In a parallel development, tabletop attosecond higher-harmonic generation (HHG) (18-22) sources provide an alternative to the XFEL. These generate pulses of high-frequency light through a process in which a weakly bound electron in the molecule is ionized and then accelerated back toward the molecule as the driving field changes phase. The photoelectron has two chances to recombine with the hole it leaves behind for each cycle of the field, leading to a highly nonlinear frequency-doubling process capable of generating very-high-frequency components, which can be recombined to form attosecond pulses. Ultrafast pulses with central frequency ~800-eV and ~700-eV bandwidths were recently reported, potentially yielding a 2.5-as Fourier transform–limited pulse after compression (23, 24). HHG pulse intensities (~10⁷ photons per pulse) are considerably lower than those from the XFEL (~10^12–13 photons per pulse). XUV pulses with widths as short as 80 as (at 80-eV central frequencies) were generated (25).

Coherent spectroscopic techniques have historically built on earlier technological advances in lower-frequency regimes. Optical techniques benefited from the vast experience in nuclear magnetic resonance (NMR) spectroscopy, which uses radio waves to study spins, where the pulse technology had existed since the 1940s. Similarly, emerging X-ray studies could draw on the analogy with advances made in the 1980s in the visible and IR regimes. The current status of ultrafast X-ray studies is reminiscent of the early days of nonlinear optical spectroscopy (26). Coherent attosecond pulses (27) offer a new set of tools to the experimenter, allowing the direct real-time study of core and valence excitations (28). The detailed information gained regarding electron correlations and their response to impulsive perturbations may serve as experimental tests of many-body theory. In principle, time-domain techniques provide the same information as their frequency-domain counterparts; the two are connected by multidimensional Fourier transforms (29). However, ultrafast signals may be interpreted intuitively in terms of wave-packet evolution, and pulsed experiments can be designed to reveal desired information, which in many cases is highly averaged and hard to extract in frequency-domain techniques (2). Multidimensional time-domain signals, obtained in response to sequences of impulsive temporally well-separated pulses, probe the correlation between dynamical events occurring during different controlled interpulse delays by observing spins (NMR), vibrations (optical and IR), or valence and core electrons (X-rays) (30). This review focuses on possible applications of multidimensional all-X-ray time-domain techniques toward the study of valence excitations in molecules with high spatial and temporal resolution.

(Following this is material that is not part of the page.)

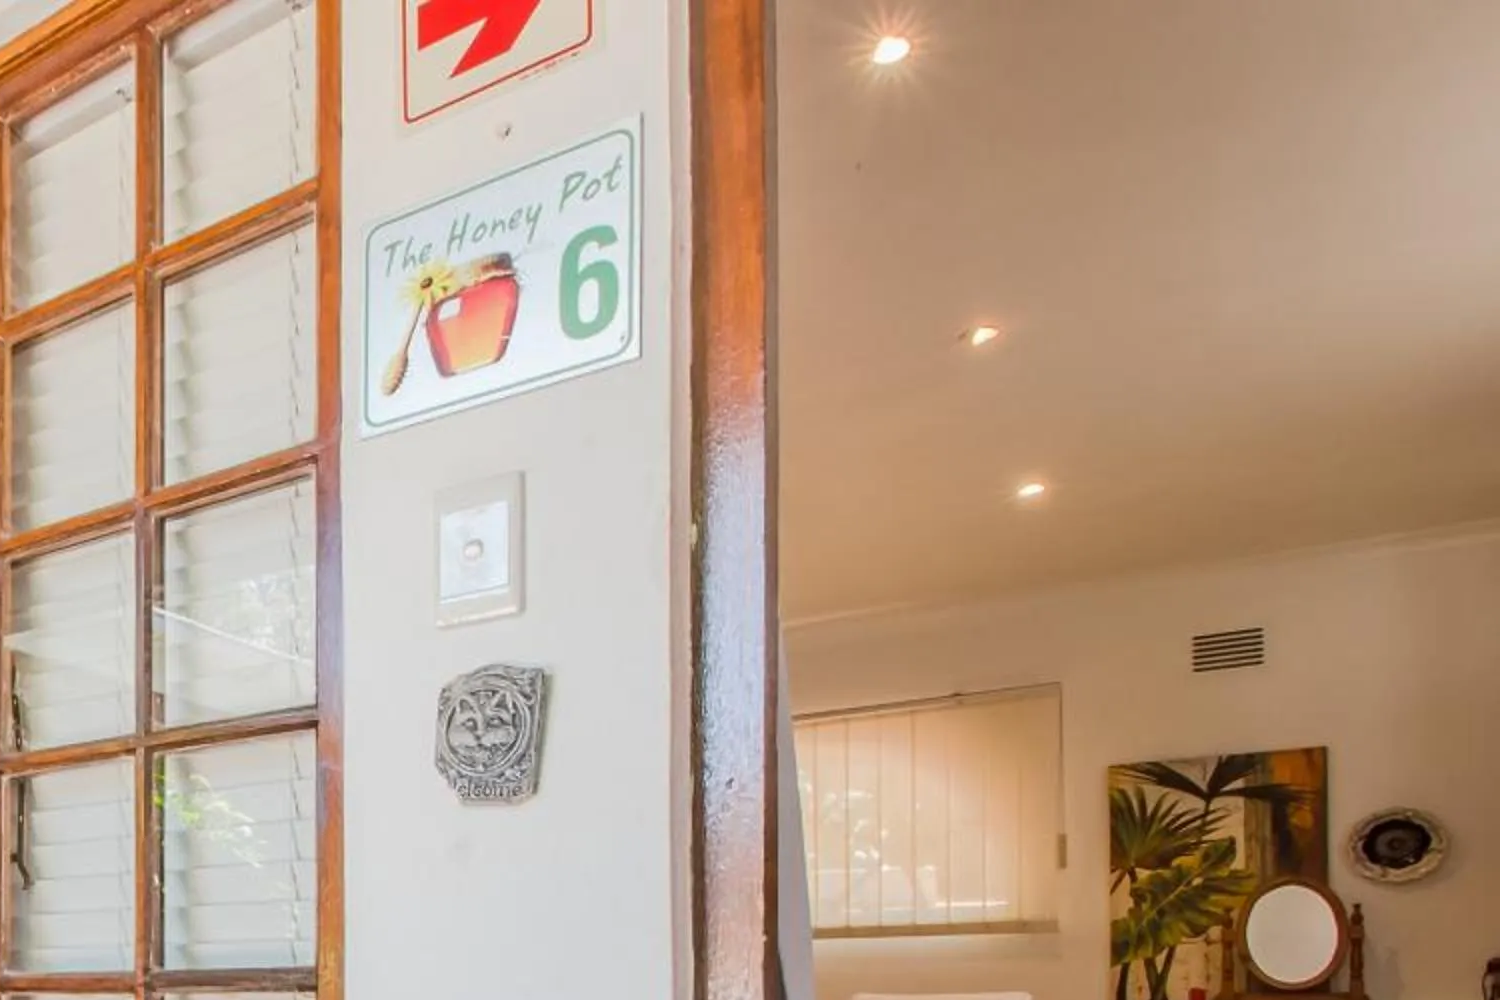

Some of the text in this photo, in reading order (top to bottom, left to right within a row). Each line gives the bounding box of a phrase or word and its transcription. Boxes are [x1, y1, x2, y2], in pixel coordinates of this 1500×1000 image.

[384, 154, 623, 277] The Honey Pot
[558, 224, 620, 341] 6

1.2. Nonlinear X-Ray Spectroscopy

Nonlinear effects in the X-ray regime have long been observed in the frequency domain (28), including parametric downconversion (31-33), hard X-ray frequency doubling (34), and two-photon X-ray fluorescence (35). X-ray parametric downconversion has been used to visualize valence charge motion in optically excited diamond crystals (36). Parametric downconversion (37) and two-photon emission from inner-core states (38) were among the first nonlinear X-ray processes to be treated theoretically. The X-ray/optical stimulated Raman process was studied (39-41).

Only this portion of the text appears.